───── Records supplied ─────

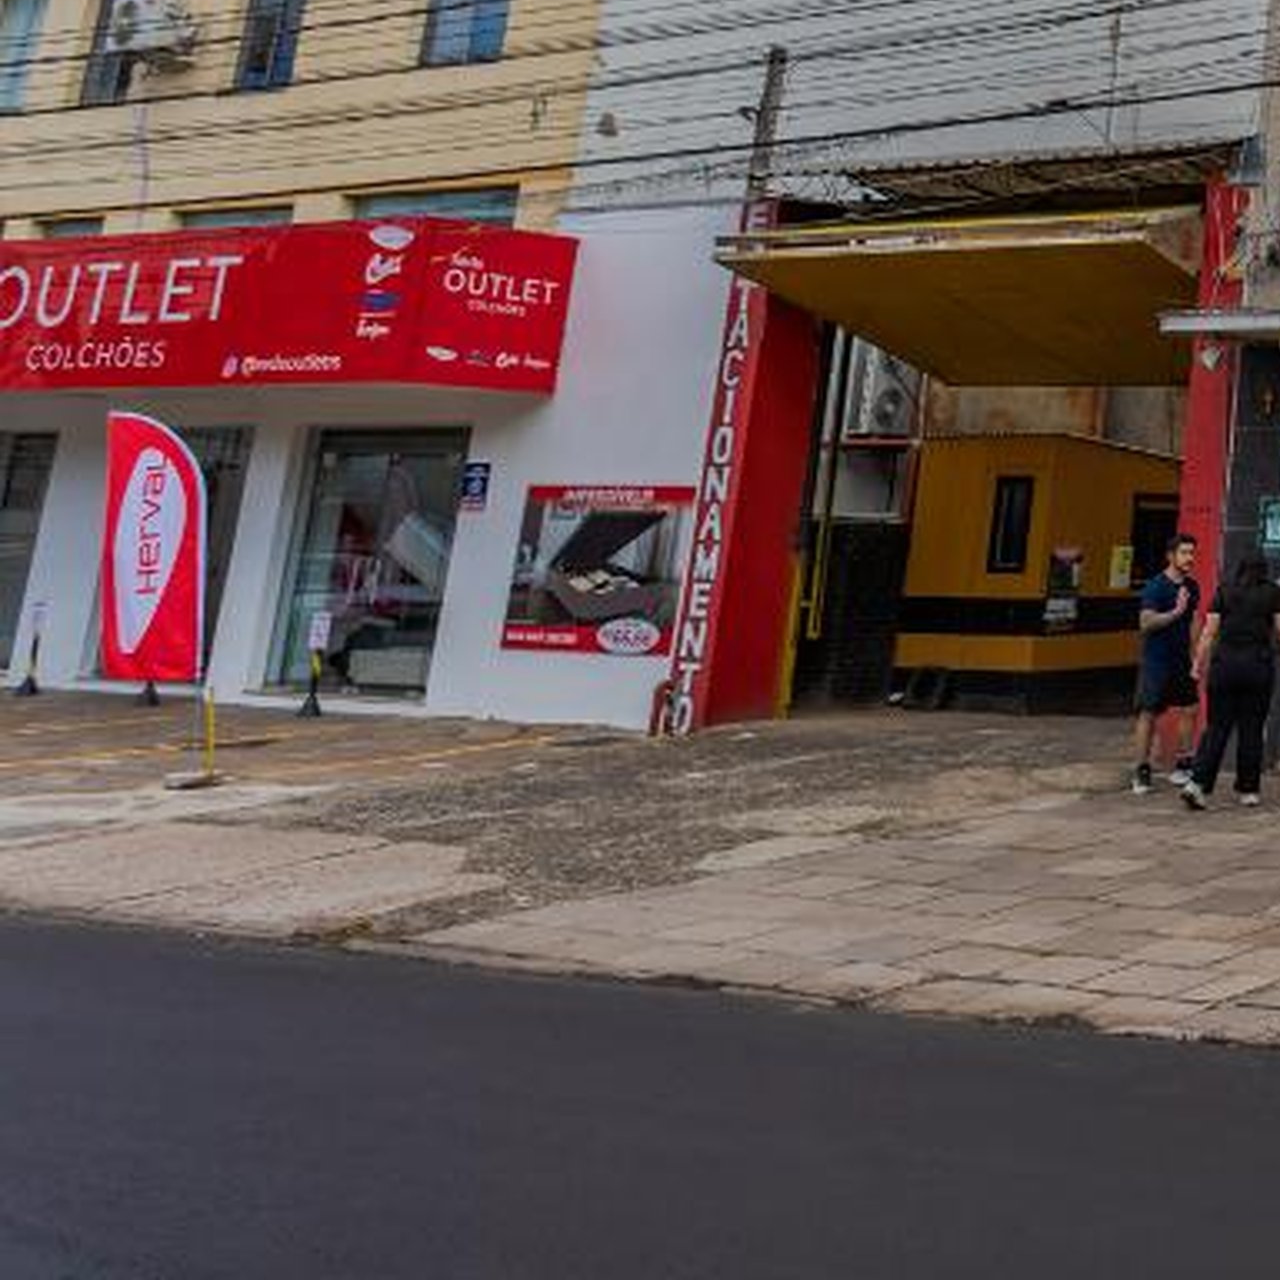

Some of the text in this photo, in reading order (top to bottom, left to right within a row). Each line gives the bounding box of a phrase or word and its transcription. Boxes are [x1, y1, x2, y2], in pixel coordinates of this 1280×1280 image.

[0, 255, 244, 329] OUTLET
[444, 269, 559, 305] OUTLET
[26, 337, 166, 371] COLCHÕES
[671, 204, 768, 736] ETACIONAMENTO
[137, 459, 167, 594] Herval

─────

• Exercise instructions:
All records should be output exactly, with the pictures left out.

• Answer to this task:
Some of the text in this photo, in reading order (top to bottom, left to right within a row). Each line gives the bounding box of a phrase or word and its transcription. Boxes are [x1, y1, x2, y2], in pixel coordinates of this 1280×1280 image.

[0, 255, 244, 329] OUTLET
[444, 269, 559, 305] OUTLET
[26, 337, 166, 371] COLCHÕES
[671, 204, 768, 736] ETACIONAMENTO
[137, 459, 167, 594] Herval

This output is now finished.